Records contained in a dataset
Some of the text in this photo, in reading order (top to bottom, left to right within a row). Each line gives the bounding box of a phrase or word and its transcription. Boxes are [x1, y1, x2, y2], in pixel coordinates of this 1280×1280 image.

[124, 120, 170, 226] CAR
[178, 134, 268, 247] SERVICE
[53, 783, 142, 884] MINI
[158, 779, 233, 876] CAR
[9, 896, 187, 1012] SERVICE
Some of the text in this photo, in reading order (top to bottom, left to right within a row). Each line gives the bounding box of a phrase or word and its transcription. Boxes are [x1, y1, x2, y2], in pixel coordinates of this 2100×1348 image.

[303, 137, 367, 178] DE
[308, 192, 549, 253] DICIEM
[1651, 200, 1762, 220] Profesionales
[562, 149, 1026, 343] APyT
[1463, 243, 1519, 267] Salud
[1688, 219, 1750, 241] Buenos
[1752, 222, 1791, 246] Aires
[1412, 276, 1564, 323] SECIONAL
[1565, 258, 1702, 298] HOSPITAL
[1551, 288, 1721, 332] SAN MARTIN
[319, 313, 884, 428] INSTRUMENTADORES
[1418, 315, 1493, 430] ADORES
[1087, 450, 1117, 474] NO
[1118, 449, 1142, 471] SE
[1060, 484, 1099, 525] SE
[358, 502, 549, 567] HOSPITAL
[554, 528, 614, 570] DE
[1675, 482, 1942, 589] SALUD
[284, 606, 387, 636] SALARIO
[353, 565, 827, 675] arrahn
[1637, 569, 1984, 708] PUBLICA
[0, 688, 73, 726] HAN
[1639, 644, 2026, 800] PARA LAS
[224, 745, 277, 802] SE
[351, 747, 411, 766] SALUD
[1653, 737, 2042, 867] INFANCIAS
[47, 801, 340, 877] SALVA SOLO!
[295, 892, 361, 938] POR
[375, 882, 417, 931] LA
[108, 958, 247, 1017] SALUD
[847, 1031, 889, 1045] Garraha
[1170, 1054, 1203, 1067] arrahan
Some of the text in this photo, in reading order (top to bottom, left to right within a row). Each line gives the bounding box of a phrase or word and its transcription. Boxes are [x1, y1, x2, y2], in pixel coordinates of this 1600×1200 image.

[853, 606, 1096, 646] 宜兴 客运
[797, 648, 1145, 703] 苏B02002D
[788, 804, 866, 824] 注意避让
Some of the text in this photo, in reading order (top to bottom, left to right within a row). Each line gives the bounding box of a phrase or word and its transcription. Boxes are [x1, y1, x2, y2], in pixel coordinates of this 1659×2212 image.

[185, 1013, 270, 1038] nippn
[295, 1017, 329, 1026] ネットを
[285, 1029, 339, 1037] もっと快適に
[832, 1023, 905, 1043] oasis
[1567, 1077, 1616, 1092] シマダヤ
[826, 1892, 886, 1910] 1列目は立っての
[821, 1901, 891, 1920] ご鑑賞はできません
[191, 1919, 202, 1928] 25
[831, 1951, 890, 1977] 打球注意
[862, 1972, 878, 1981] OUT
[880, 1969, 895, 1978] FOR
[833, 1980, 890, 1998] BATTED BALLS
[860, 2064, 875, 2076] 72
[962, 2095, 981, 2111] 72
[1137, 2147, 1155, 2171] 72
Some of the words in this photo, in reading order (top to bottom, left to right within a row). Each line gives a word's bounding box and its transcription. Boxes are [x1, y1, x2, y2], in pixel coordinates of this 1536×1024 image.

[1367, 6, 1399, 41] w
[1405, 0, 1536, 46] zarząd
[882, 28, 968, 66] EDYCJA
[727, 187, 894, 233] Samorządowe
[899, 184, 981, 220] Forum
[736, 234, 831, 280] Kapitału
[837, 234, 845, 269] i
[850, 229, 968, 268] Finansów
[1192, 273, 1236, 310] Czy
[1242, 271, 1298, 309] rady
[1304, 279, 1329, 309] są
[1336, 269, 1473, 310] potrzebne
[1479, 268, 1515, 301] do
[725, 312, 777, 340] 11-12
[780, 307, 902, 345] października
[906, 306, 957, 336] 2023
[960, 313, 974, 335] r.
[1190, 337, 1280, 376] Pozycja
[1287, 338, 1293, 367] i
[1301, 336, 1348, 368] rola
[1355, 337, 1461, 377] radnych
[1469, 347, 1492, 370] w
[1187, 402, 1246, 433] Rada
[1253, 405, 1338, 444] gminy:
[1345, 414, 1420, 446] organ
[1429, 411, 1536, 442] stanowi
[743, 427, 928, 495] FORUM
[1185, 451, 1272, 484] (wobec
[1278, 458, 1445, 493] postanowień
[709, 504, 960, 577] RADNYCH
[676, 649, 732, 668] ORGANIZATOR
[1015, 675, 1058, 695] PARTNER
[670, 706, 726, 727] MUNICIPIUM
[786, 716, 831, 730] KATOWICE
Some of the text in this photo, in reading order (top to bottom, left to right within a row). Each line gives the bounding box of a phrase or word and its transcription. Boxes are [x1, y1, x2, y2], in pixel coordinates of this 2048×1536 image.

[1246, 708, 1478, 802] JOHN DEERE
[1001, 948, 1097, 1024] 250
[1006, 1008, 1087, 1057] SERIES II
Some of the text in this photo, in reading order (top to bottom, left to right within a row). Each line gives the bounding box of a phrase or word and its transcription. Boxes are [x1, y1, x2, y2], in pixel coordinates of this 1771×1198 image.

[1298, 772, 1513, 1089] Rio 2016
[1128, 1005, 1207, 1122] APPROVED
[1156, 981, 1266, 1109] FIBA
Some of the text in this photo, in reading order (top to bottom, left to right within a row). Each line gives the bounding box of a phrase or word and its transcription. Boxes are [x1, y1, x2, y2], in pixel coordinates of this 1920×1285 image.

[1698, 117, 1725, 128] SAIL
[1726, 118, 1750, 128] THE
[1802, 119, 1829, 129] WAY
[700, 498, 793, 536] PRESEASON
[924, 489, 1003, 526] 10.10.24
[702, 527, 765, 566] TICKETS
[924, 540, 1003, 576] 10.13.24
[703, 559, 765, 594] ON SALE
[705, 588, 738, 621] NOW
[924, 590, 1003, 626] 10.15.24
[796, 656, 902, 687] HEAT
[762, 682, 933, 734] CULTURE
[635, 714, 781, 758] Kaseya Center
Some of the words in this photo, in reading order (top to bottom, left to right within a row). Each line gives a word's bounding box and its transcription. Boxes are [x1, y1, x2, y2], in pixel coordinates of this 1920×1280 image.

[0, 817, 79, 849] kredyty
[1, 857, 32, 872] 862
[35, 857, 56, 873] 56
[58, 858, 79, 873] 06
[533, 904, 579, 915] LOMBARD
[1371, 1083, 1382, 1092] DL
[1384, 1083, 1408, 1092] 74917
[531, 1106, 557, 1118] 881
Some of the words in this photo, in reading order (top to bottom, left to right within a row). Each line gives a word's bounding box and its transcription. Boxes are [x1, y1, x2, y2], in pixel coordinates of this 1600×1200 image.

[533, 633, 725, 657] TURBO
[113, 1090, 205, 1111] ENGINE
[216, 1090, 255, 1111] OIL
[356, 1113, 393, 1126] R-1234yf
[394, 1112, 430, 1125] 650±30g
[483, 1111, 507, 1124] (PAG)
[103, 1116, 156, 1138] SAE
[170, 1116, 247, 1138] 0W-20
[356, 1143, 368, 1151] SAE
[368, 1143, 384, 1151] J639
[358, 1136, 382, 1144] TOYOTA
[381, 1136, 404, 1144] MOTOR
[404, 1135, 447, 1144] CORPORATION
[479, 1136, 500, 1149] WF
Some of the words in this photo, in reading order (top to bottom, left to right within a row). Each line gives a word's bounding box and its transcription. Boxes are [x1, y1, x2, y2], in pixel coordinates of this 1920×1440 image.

Your instructions :: The data, all of it, should be transcribed exactly.

Response to the exercise ::
Some of the text in this photo, in reading order (top to bottom, left to right within a row). Each line gives the bounding box of a phrase or word and its transcription. Boxes are [x1, y1, x2, y2], in pixel coordinates of this 1280×1280 image.

[124, 120, 170, 226] CAR
[178, 134, 268, 247] SERVICE
[53, 783, 142, 884] MINI
[158, 779, 233, 876] CAR
[9, 896, 187, 1012] SERVICE
Some of the text in this photo, in reading order (top to bottom, left to right within a row). Each line gives the bounding box of a phrase or word and its transcription. Boxes are [x1, y1, x2, y2], in pixel coordinates of this 2100×1348 image.

[303, 137, 367, 178] DE
[308, 192, 549, 253] DICIEM
[1651, 200, 1762, 220] Profesionales
[562, 149, 1026, 343] APyT
[1463, 243, 1519, 267] Salud
[1688, 219, 1750, 241] Buenos
[1752, 222, 1791, 246] Aires
[1412, 276, 1564, 323] SECIONAL
[1565, 258, 1702, 298] HOSPITAL
[1551, 288, 1721, 332] SAN MARTIN
[319, 313, 884, 428] INSTRUMENTADORES
[1418, 315, 1493, 430] ADORES
[1087, 450, 1117, 474] NO
[1118, 449, 1142, 471] SE
[1060, 484, 1099, 525] SE
[358, 502, 549, 567] HOSPITAL
[554, 528, 614, 570] DE
[1675, 482, 1942, 589] SALUD
[284, 606, 387, 636] SALARIO
[353, 565, 827, 675] arrahn
[1637, 569, 1984, 708] PUBLICA
[0, 688, 73, 726] HAN
[1639, 644, 2026, 800] PARA LAS
[224, 745, 277, 802] SE
[351, 747, 411, 766] SALUD
[1653, 737, 2042, 867] INFANCIAS
[47, 801, 340, 877] SALVA SOLO!
[295, 892, 361, 938] POR
[375, 882, 417, 931] LA
[108, 958, 247, 1017] SALUD
[847, 1031, 889, 1045] Garraha
[1170, 1054, 1203, 1067] arrahan
Some of the text in this photo, in reading order (top to bottom, left to right within a row). Each line gives the bounding box of a phrase or word and its transcription. Boxes are [x1, y1, x2, y2], in pixel coordinates of this 1600×1200 image.

[853, 606, 1096, 646] 宜兴 客运
[797, 648, 1145, 703] 苏B02002D
[788, 804, 866, 824] 注意避让
Some of the text in this photo, in reading order (top to bottom, left to right within a row). Each line gives the bounding box of a phrase or word and its transcription. Boxes are [x1, y1, x2, y2], in pixel coordinates of this 1659×2212 image.

[185, 1013, 270, 1038] nippn
[295, 1017, 329, 1026] ネットを
[285, 1029, 339, 1037] もっと快適に
[832, 1023, 905, 1043] oasis
[1567, 1077, 1616, 1092] シマダヤ
[826, 1892, 886, 1910] 1列目は立っての
[821, 1901, 891, 1920] ご鑑賞はできません
[191, 1919, 202, 1928] 25
[831, 1951, 890, 1977] 打球注意
[862, 1972, 878, 1981] OUT
[880, 1969, 895, 1978] FOR
[833, 1980, 890, 1998] BATTED BALLS
[860, 2064, 875, 2076] 72
[962, 2095, 981, 2111] 72
[1137, 2147, 1155, 2171] 72
Some of the words in this photo, in reading order (top to bottom, left to right within a row). Each line gives a word's bounding box and its transcription. Boxes are [x1, y1, x2, y2], in pixel coordinates of this 1536×1024 image.

[1367, 6, 1399, 41] w
[1405, 0, 1536, 46] zarząd
[882, 28, 968, 66] EDYCJA
[727, 187, 894, 233] Samorządowe
[899, 184, 981, 220] Forum
[736, 234, 831, 280] Kapitału
[837, 234, 845, 269] i
[850, 229, 968, 268] Finansów
[1192, 273, 1236, 310] Czy
[1242, 271, 1298, 309] rady
[1304, 279, 1329, 309] są
[1336, 269, 1473, 310] potrzebne
[1479, 268, 1515, 301] do
[725, 312, 777, 340] 11-12
[780, 307, 902, 345] października
[906, 306, 957, 336] 2023
[960, 313, 974, 335] r.
[1190, 337, 1280, 376] Pozycja
[1287, 338, 1293, 367] i
[1301, 336, 1348, 368] rola
[1355, 337, 1461, 377] radnych
[1469, 347, 1492, 370] w
[1187, 402, 1246, 433] Rada
[1253, 405, 1338, 444] gminy:
[1345, 414, 1420, 446] organ
[1429, 411, 1536, 442] stanowi
[743, 427, 928, 495] FORUM
[1185, 451, 1272, 484] (wobec
[1278, 458, 1445, 493] postanowień
[709, 504, 960, 577] RADNYCH
[676, 649, 732, 668] ORGANIZATOR
[1015, 675, 1058, 695] PARTNER
[670, 706, 726, 727] MUNICIPIUM
[786, 716, 831, 730] KATOWICE
Some of the text in this photo, in reading order (top to bottom, left to right within a row). Each line gives the bounding box of a phrase or word and its transcription. Boxes are [x1, y1, x2, y2], in pixel coordinates of this 2048×1536 image.

[1246, 708, 1478, 802] JOHN DEERE
[1001, 948, 1097, 1024] 250
[1006, 1008, 1087, 1057] SERIES II
Some of the text in this photo, in reading order (top to bottom, left to right within a row). Each line gives the bounding box of a phrase or word and its transcription. Boxes are [x1, y1, x2, y2], in pixel coordinates of this 1771×1198 image.

[1298, 772, 1513, 1089] Rio 2016
[1128, 1005, 1207, 1122] APPROVED
[1156, 981, 1266, 1109] FIBA
Some of the text in this photo, in reading order (top to bottom, left to right within a row). Each line gives the bounding box of a phrase or word and its transcription. Boxes are [x1, y1, x2, y2], in pixel coordinates of this 1920×1285 image.

[1698, 117, 1725, 128] SAIL
[1726, 118, 1750, 128] THE
[1802, 119, 1829, 129] WAY
[700, 498, 793, 536] PRESEASON
[924, 489, 1003, 526] 10.10.24
[702, 527, 765, 566] TICKETS
[924, 540, 1003, 576] 10.13.24
[703, 559, 765, 594] ON SALE
[705, 588, 738, 621] NOW
[924, 590, 1003, 626] 10.15.24
[796, 656, 902, 687] HEAT
[762, 682, 933, 734] CULTURE
[635, 714, 781, 758] Kaseya Center
Some of the words in this photo, in reading order (top to bottom, left to right within a row). Each line gives a word's bounding box and its transcription. Boxes are [x1, y1, x2, y2], in pixel coordinates of this 1920×1280 image.

[0, 817, 79, 849] kredyty
[1, 857, 32, 872] 862
[35, 857, 56, 873] 56
[58, 858, 79, 873] 06
[533, 904, 579, 915] LOMBARD
[1371, 1083, 1382, 1092] DL
[1384, 1083, 1408, 1092] 74917
[531, 1106, 557, 1118] 881
Some of the words in this photo, in reading order (top to bottom, left to right within a row). Each line gives a word's bounding box and its transcription. Boxes are [x1, y1, x2, y2], in pixel coordinates of this 1600×1200 image.

[533, 633, 725, 657] TURBO
[113, 1090, 205, 1111] ENGINE
[216, 1090, 255, 1111] OIL
[356, 1113, 393, 1126] R-1234yf
[394, 1112, 430, 1125] 650±30g
[483, 1111, 507, 1124] (PAG)
[103, 1116, 156, 1138] SAE
[170, 1116, 247, 1138] 0W-20
[356, 1143, 368, 1151] SAE
[368, 1143, 384, 1151] J639
[358, 1136, 382, 1144] TOYOTA
[381, 1136, 404, 1144] MOTOR
[404, 1135, 447, 1144] CORPORATION
[479, 1136, 500, 1149] WF
Some of the words in this photo, in reading order (top to bottom, left to right within a row). Each line gives a word's bounding box and its transcription. Boxes are [x1, y1, x2, y2], in pixel coordinates of this 1920×1440 image.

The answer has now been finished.